[Saved data entries]
+++

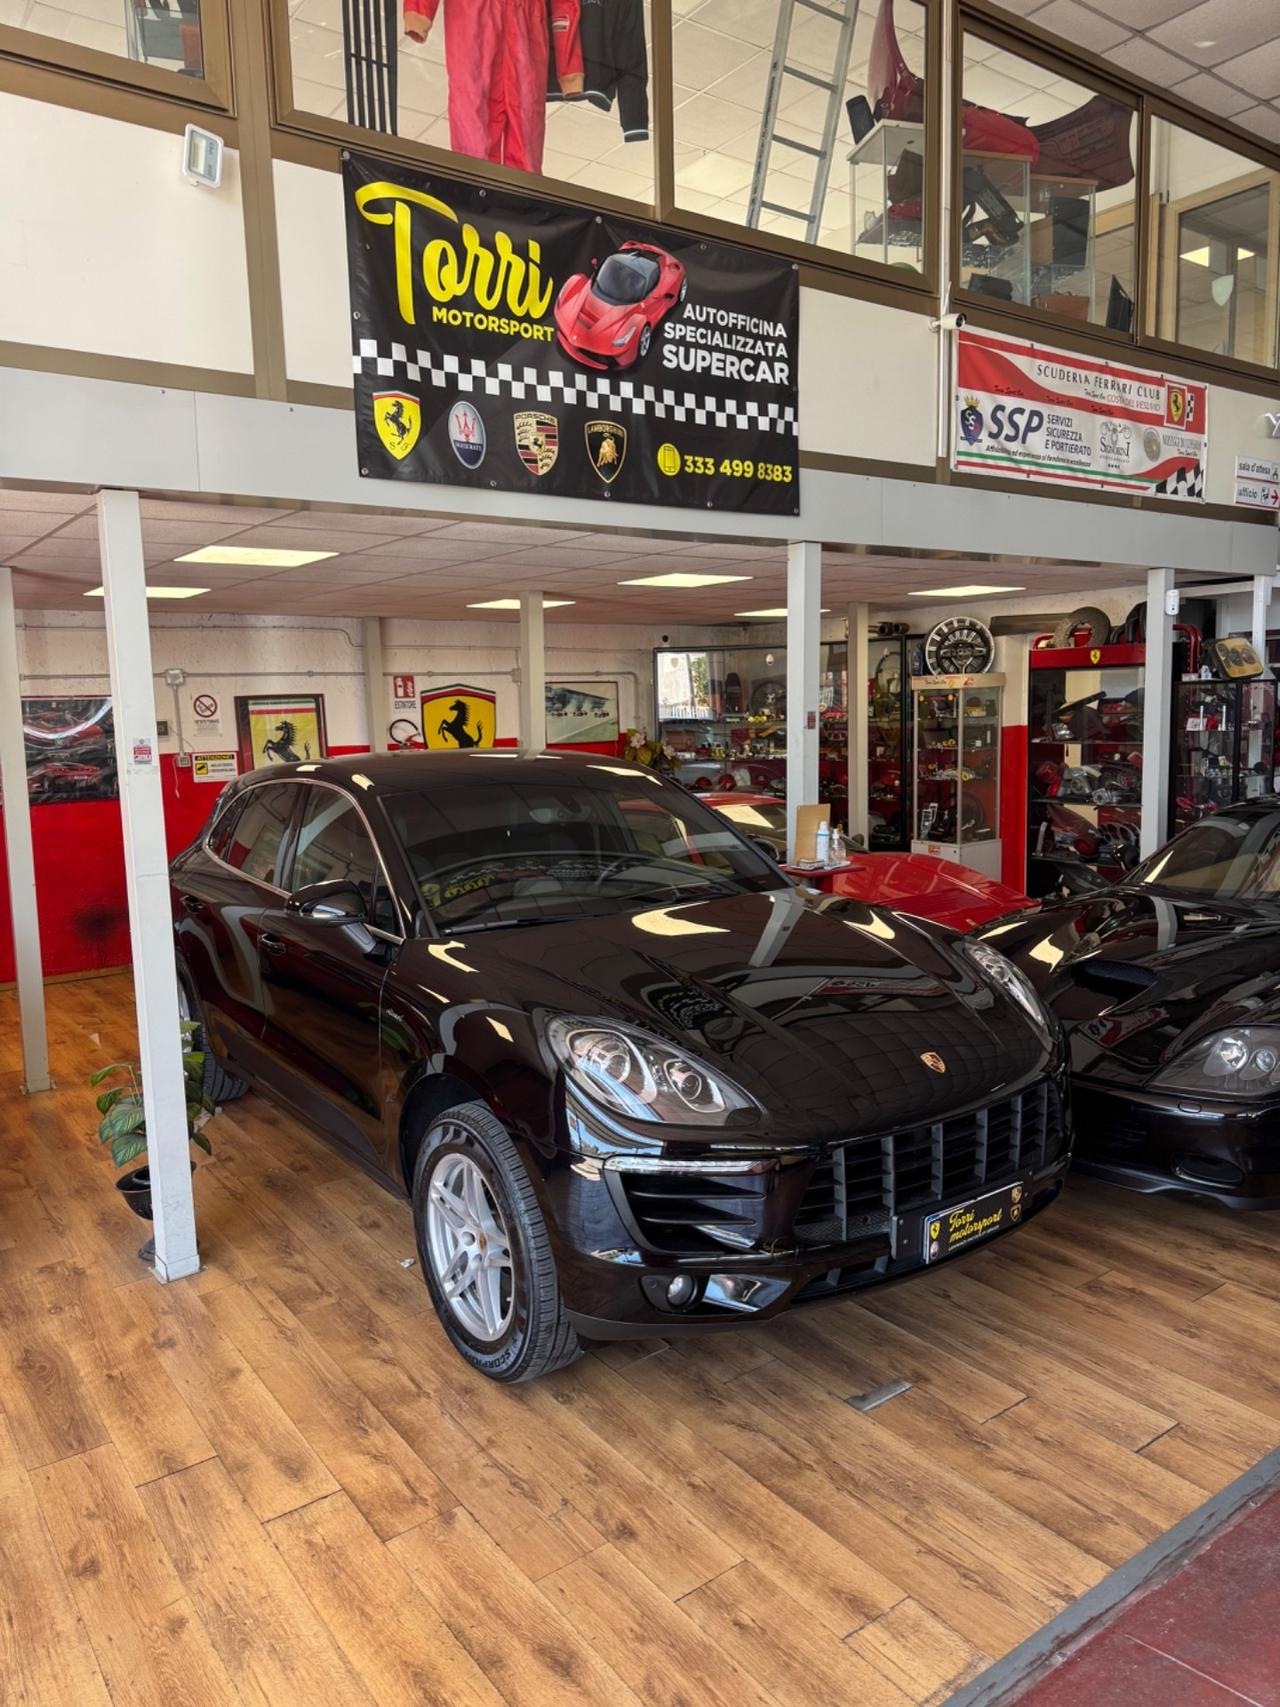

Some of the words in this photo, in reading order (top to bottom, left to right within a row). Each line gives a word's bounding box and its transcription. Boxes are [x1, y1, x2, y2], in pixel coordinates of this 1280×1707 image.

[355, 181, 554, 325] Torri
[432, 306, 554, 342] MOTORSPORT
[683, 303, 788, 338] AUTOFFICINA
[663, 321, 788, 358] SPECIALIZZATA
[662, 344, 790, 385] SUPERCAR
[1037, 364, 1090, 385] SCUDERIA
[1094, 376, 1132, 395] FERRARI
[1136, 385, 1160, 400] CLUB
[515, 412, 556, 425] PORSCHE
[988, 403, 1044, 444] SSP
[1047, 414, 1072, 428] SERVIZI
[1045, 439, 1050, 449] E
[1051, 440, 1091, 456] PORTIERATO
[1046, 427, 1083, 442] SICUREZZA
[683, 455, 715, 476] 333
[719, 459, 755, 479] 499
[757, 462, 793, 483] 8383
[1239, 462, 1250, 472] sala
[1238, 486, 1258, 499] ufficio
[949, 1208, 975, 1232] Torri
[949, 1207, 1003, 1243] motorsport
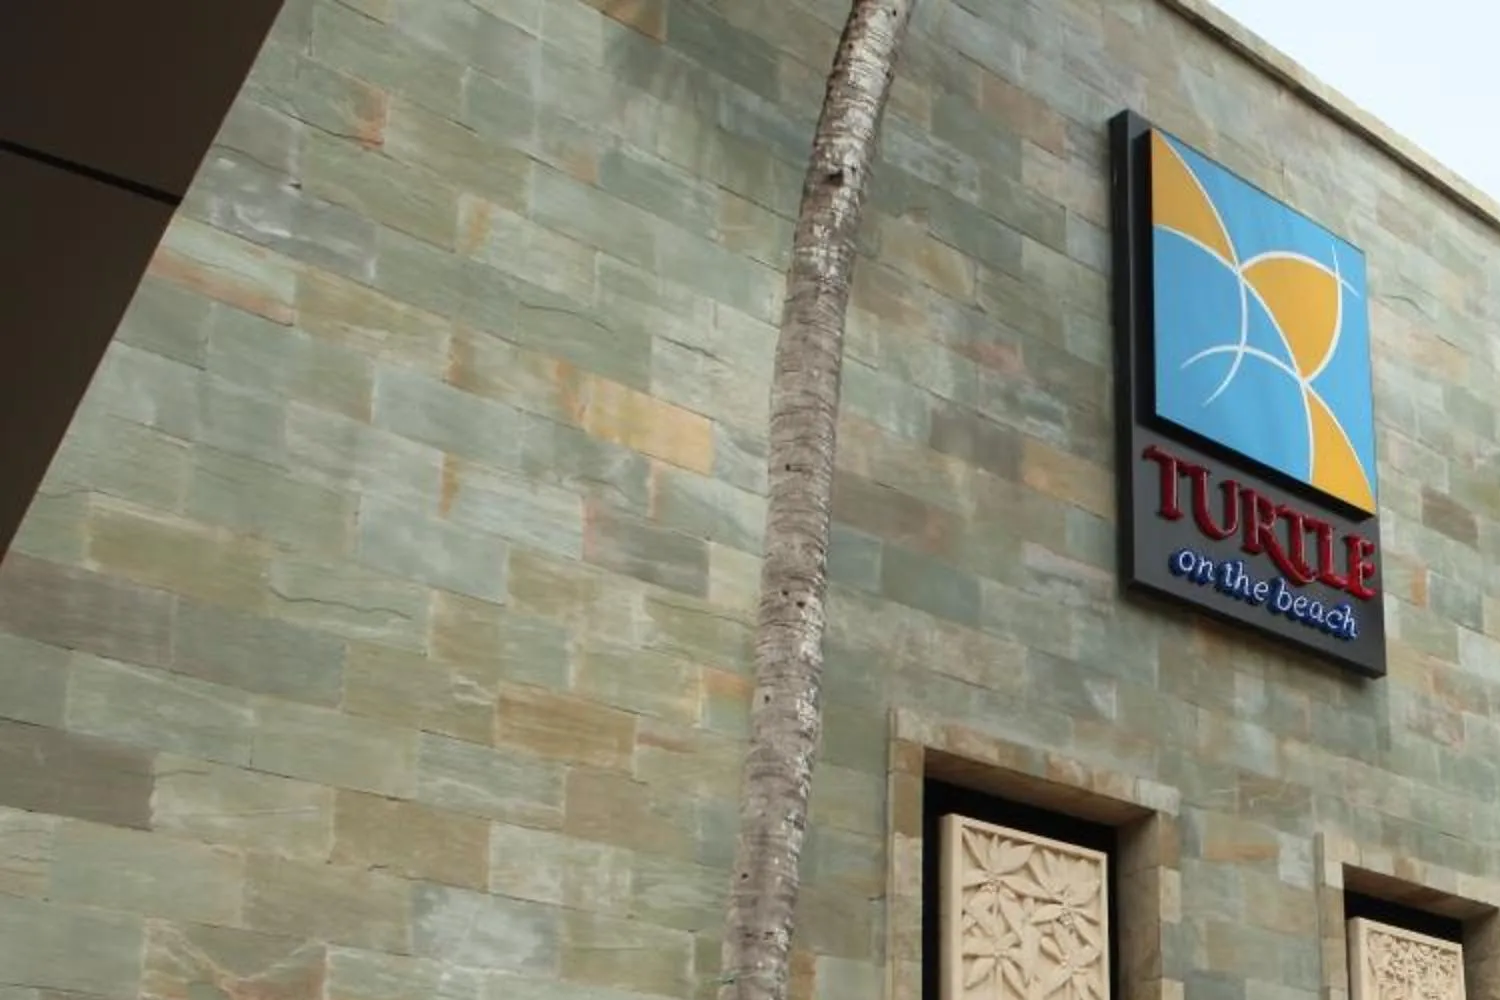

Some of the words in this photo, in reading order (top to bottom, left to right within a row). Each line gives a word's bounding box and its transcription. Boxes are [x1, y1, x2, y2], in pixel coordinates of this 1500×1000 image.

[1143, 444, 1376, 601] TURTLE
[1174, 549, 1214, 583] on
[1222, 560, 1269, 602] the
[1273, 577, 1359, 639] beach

+++

[Work to complete] Nothing but the lines from the one holding "this 1500×1000 image." through the last line of the data may be output, and each must match exactly.

[Exercise output]
Some of the words in this photo, in reading order (top to bottom, left to right within a row). Each line gives a word's bounding box and its transcription. Boxes are [x1, y1, x2, y2], in pixel coordinates of this 1500×1000 image.

[1143, 444, 1376, 601] TURTLE
[1174, 549, 1214, 583] on
[1222, 560, 1269, 602] the
[1273, 577, 1359, 639] beach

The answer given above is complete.